Collected data
######

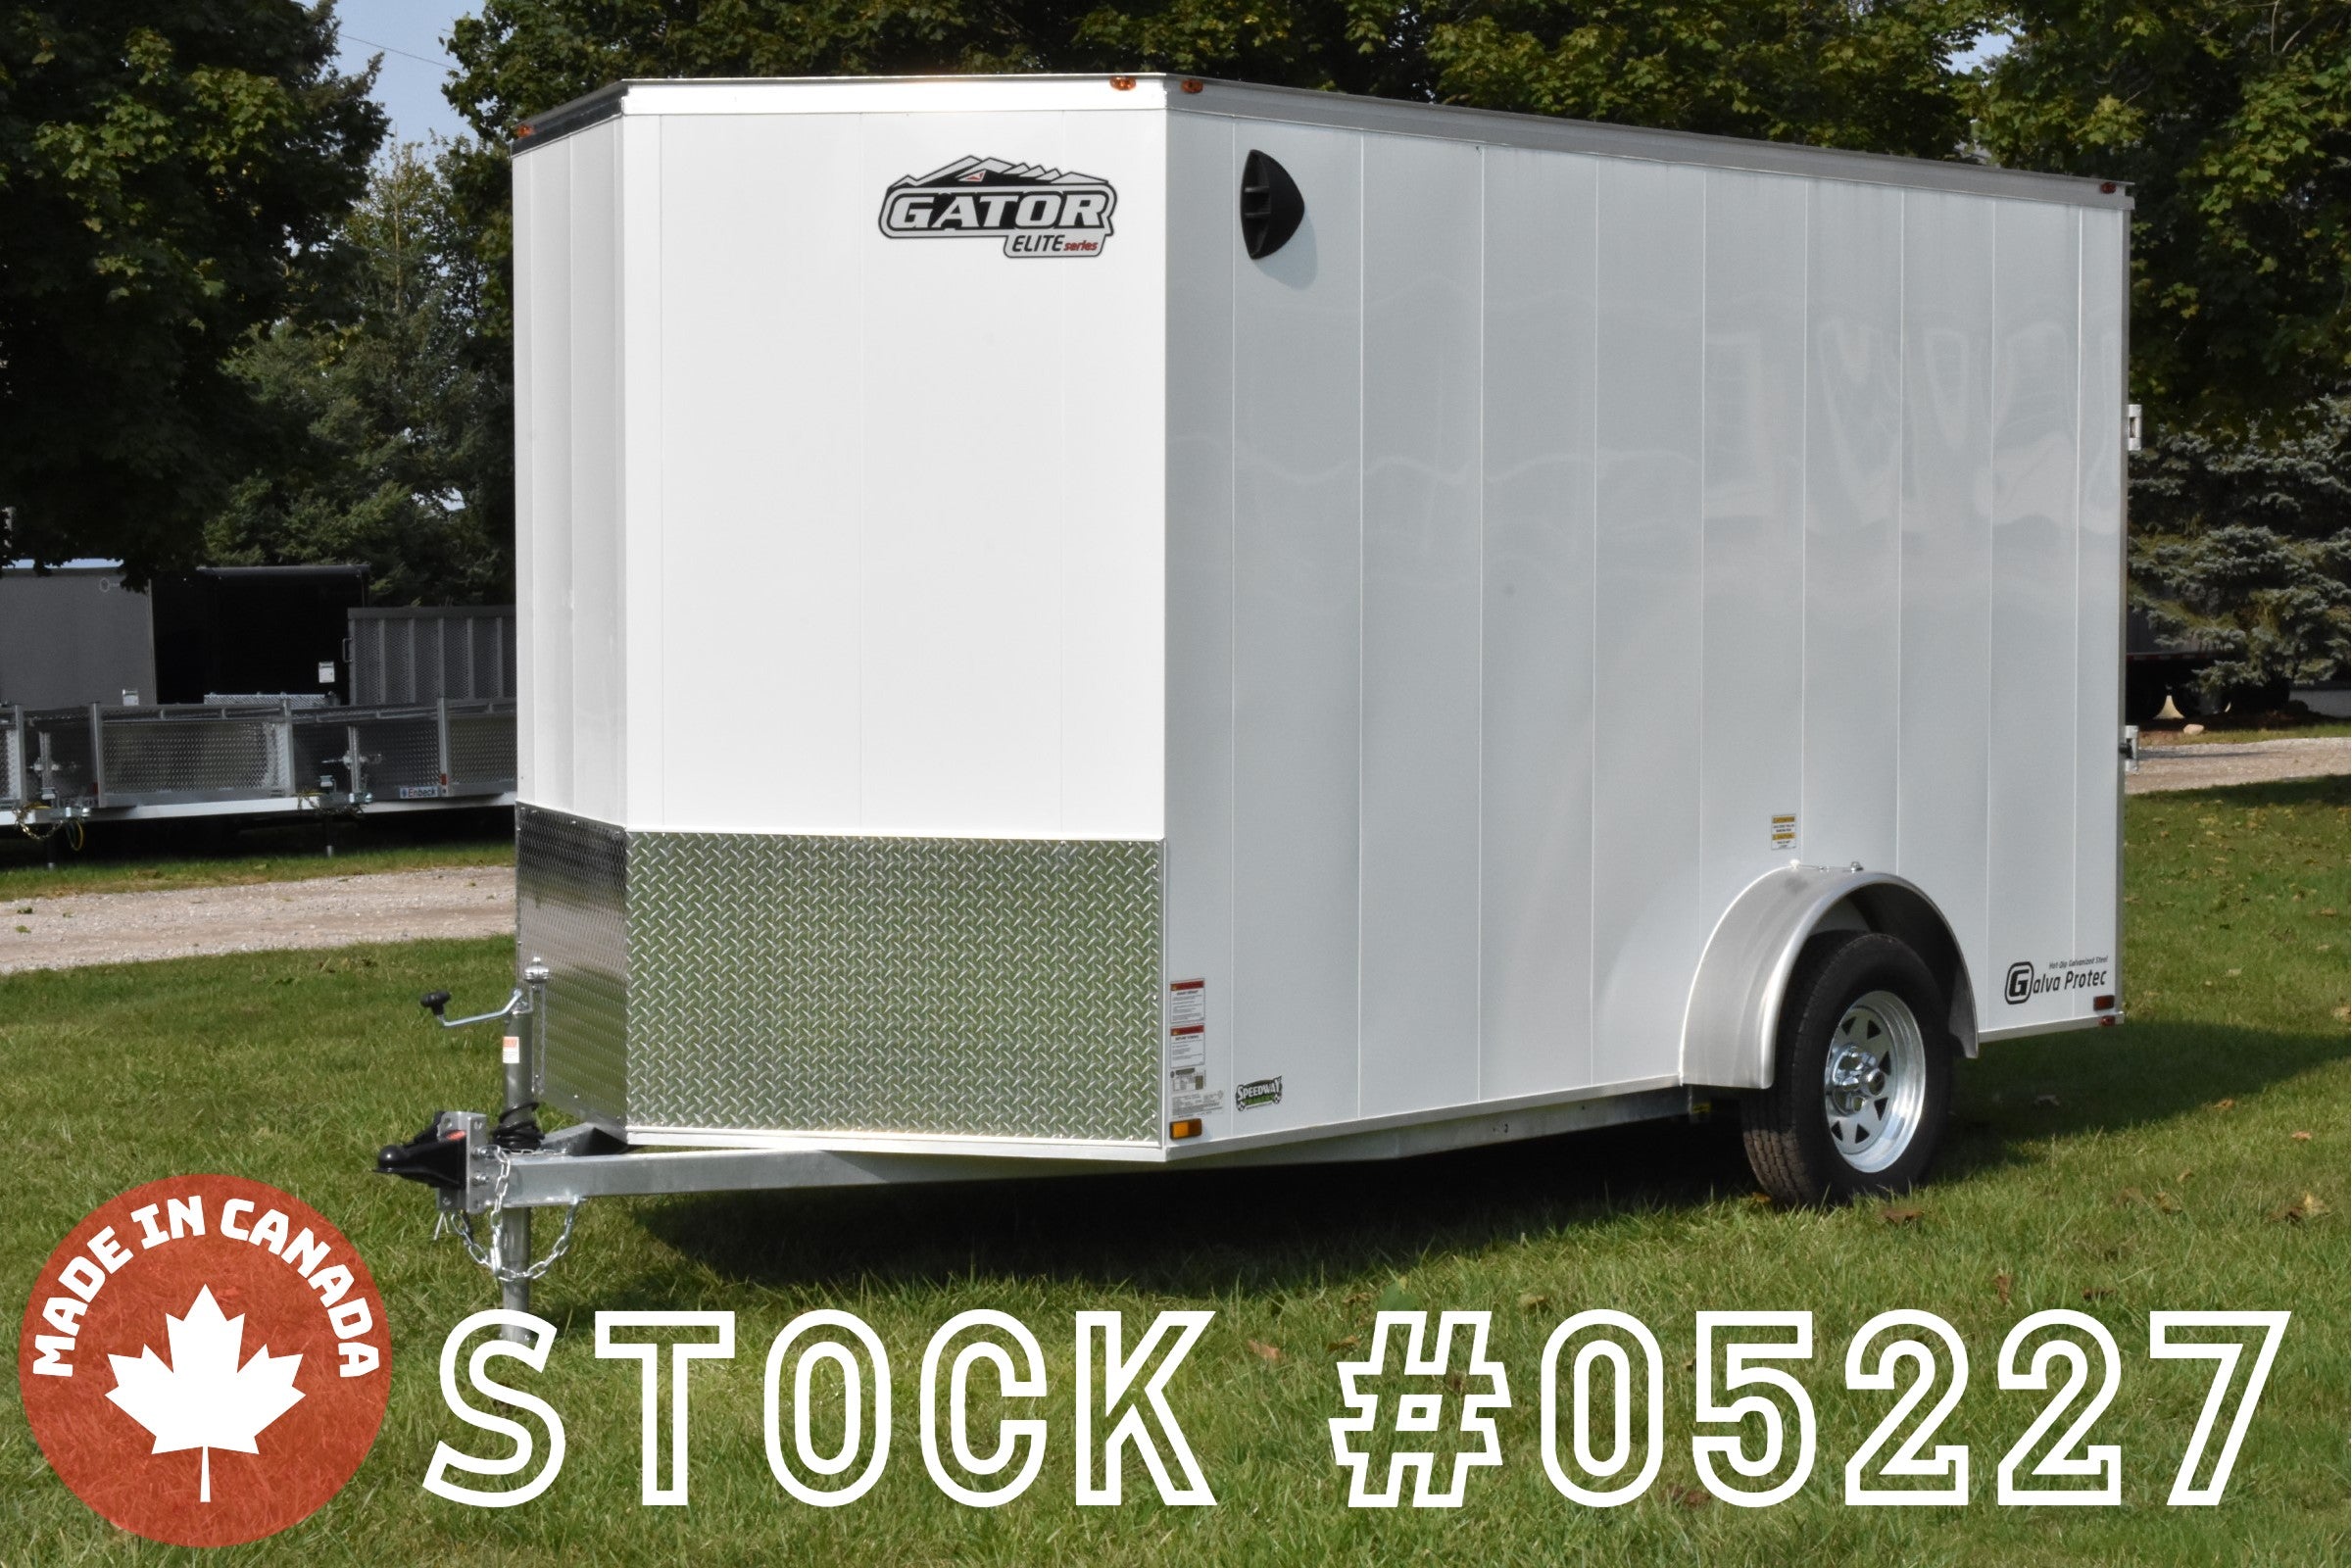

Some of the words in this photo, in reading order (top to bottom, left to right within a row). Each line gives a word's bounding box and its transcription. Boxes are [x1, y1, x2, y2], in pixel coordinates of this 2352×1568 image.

[888, 193, 1105, 229] GATOR
[1011, 234, 1065, 253] ELITE
[1063, 239, 1099, 252] series
[2069, 956, 2095, 967] Galvanized
[2095, 955, 2109, 963] Steel
[2006, 966, 2061, 1001] Galva
[2064, 969, 2107, 991] Protec
[1236, 1076, 1282, 1102] SPEEDWAY

######

What to produce: Write out every record above exactly as it stands, but leave out the pictures.

Reply:
Some of the words in this photo, in reading order (top to bottom, left to right within a row). Each line gives a word's bounding box and its transcription. Boxes are [x1, y1, x2, y2], in pixel coordinates of this 2352×1568 image.

[888, 193, 1105, 229] GATOR
[1011, 234, 1065, 253] ELITE
[1063, 239, 1099, 252] series
[2069, 956, 2095, 967] Galvanized
[2095, 955, 2109, 963] Steel
[2006, 966, 2061, 1001] Galva
[2064, 969, 2107, 991] Protec
[1236, 1076, 1282, 1102] SPEEDWAY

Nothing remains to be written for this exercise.